乳がんは、早期発見して適切な治療を行えばほとんどの方が治るといわれています。しかし、日本の女性の乳がん検診受診率は40%程度と低く、受診の遅れによって乳がんが進行してしまうことが懸念されます。今回は、乳がん検診に関わるスタッフは女性が担当するなど、患者さんが受診しやすい環境づくりに取り組まれている菊名記念病院 乳腺外科部長の井手 佳美先生にお話を伺いました。
当院は乳腺外科をセンター化し、2021年10月1日に女性外来・乳腺センターを開設しました。センター化に伴い、特に専門的なスタッフの充実を図っています。本館の4階には超音波(エコー)検査の技師が常駐し、今まで以上に緊密な連携を行ってまいります。超音波検査には腹部超音波検査や乳房超音波検査など複数の種類がありますが、同センターでは特に乳房超音波検査の経験を積んできたスタッフが担当いたします。

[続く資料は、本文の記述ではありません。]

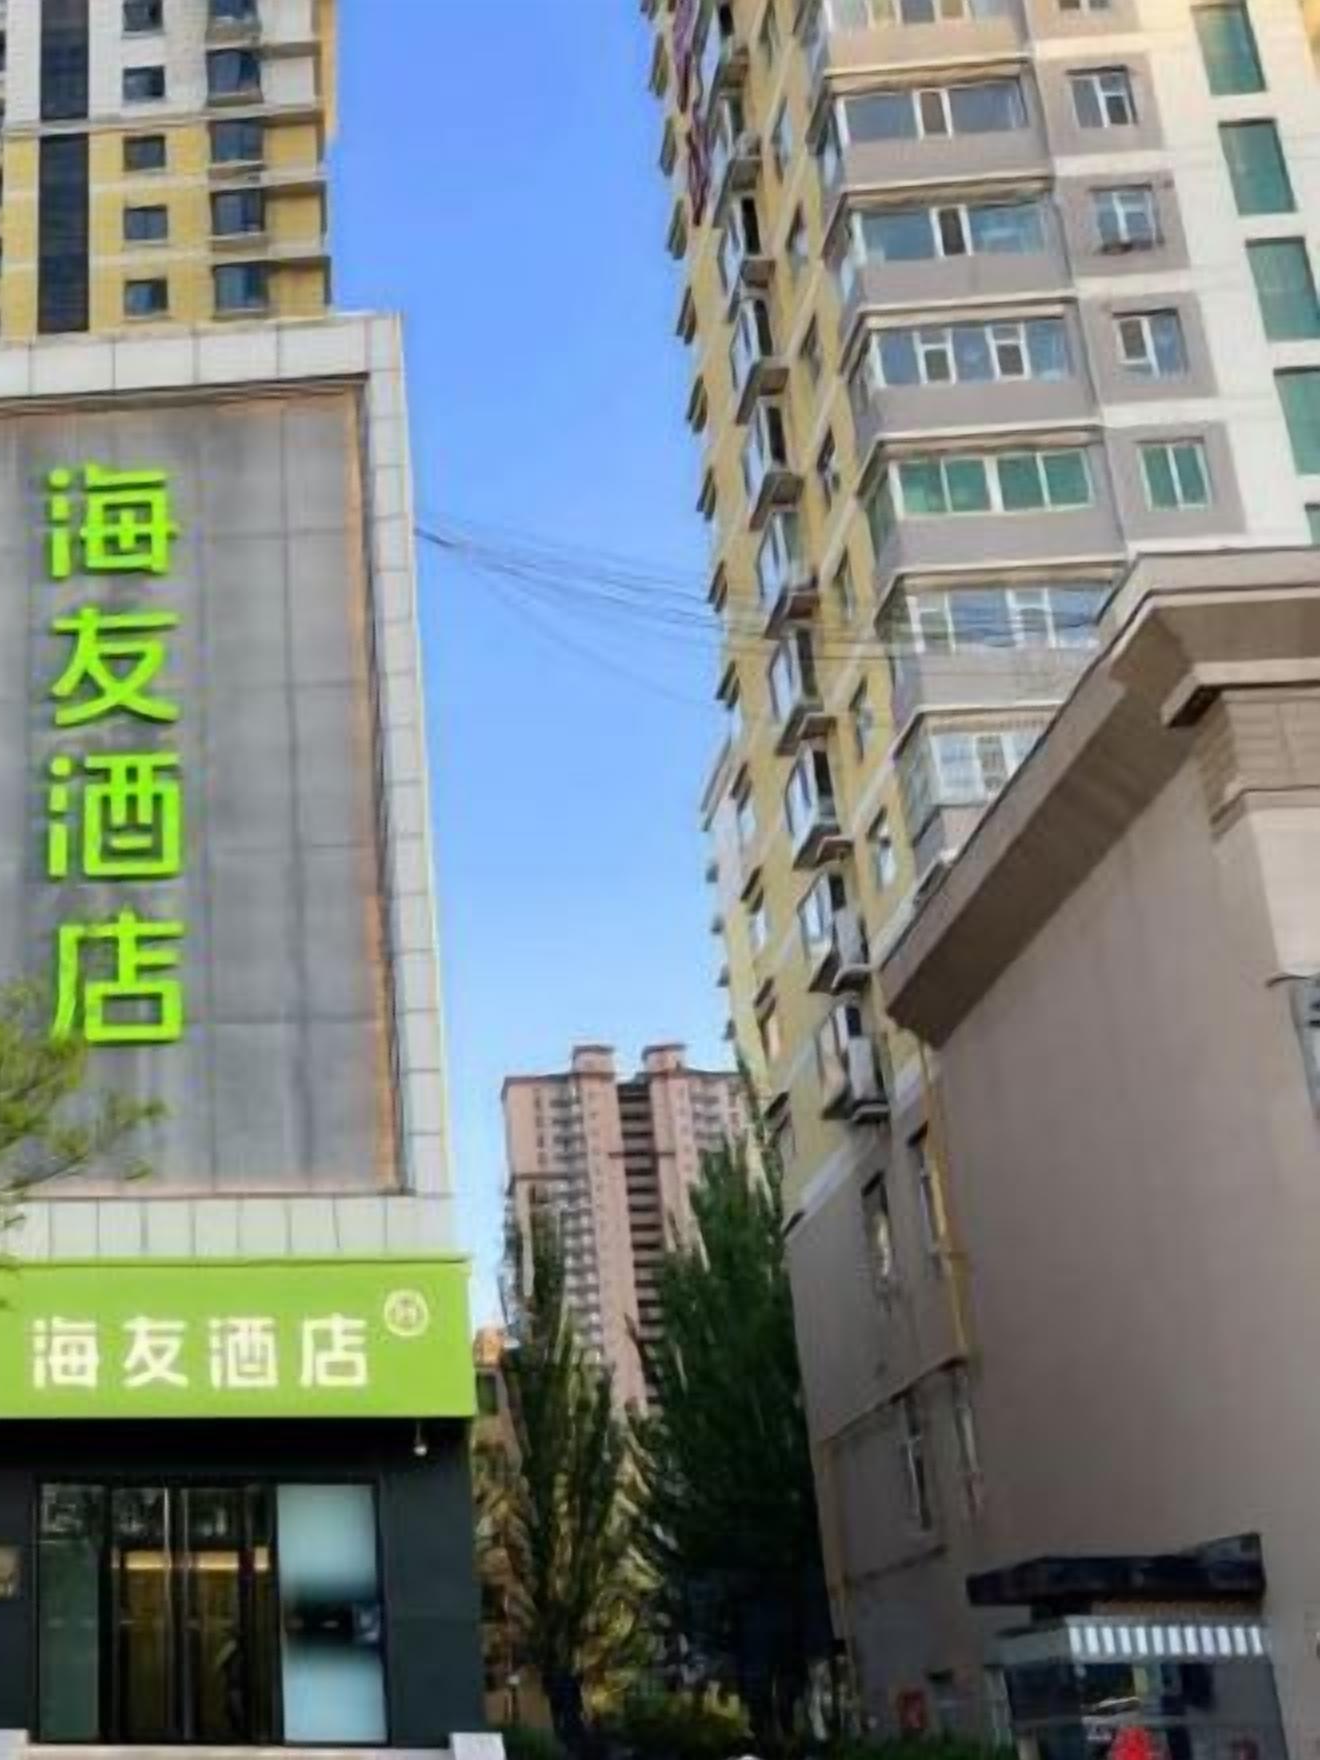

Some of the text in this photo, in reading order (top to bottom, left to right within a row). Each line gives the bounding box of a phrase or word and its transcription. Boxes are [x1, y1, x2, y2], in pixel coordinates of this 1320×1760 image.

[46, 463, 184, 1044] 海友酒店
[32, 1315, 369, 1389] 海友酒店

そのほか、外来の患者さんに抗がん剤治療を受けていただける外来治療室の設置も計画中です。以前は本館の救急外来の近くにあったのですが、新型コロナウイルス感染症の患者さんに対応するため移譲したスペースの代わりに設置される予定となっています。
当科では、再診の患者さんのオンライン診療に対応しています。近隣にお住まいの患者さんでは直接受診される方も多いですが、より気軽にご相談いただけるようなシステムの整備に力を入れています。
今後は、乳腺外科への受診を迷っている初診の患者さんに向けて、ご相談に応じたり、詳しい検査が必要と考えられる方には受診をご案内したりできるような体制をつくっていくつもりです。遠方からお越しの患者さんも受診のハードルが下がると期待しています。なお、オンラインの診察のみで乳がんの診断をすることはできませんので、「検診を受けてからしばらく経っていて心配だ」といった相談の場や受診のきっかけとしてご利用いただければと思います。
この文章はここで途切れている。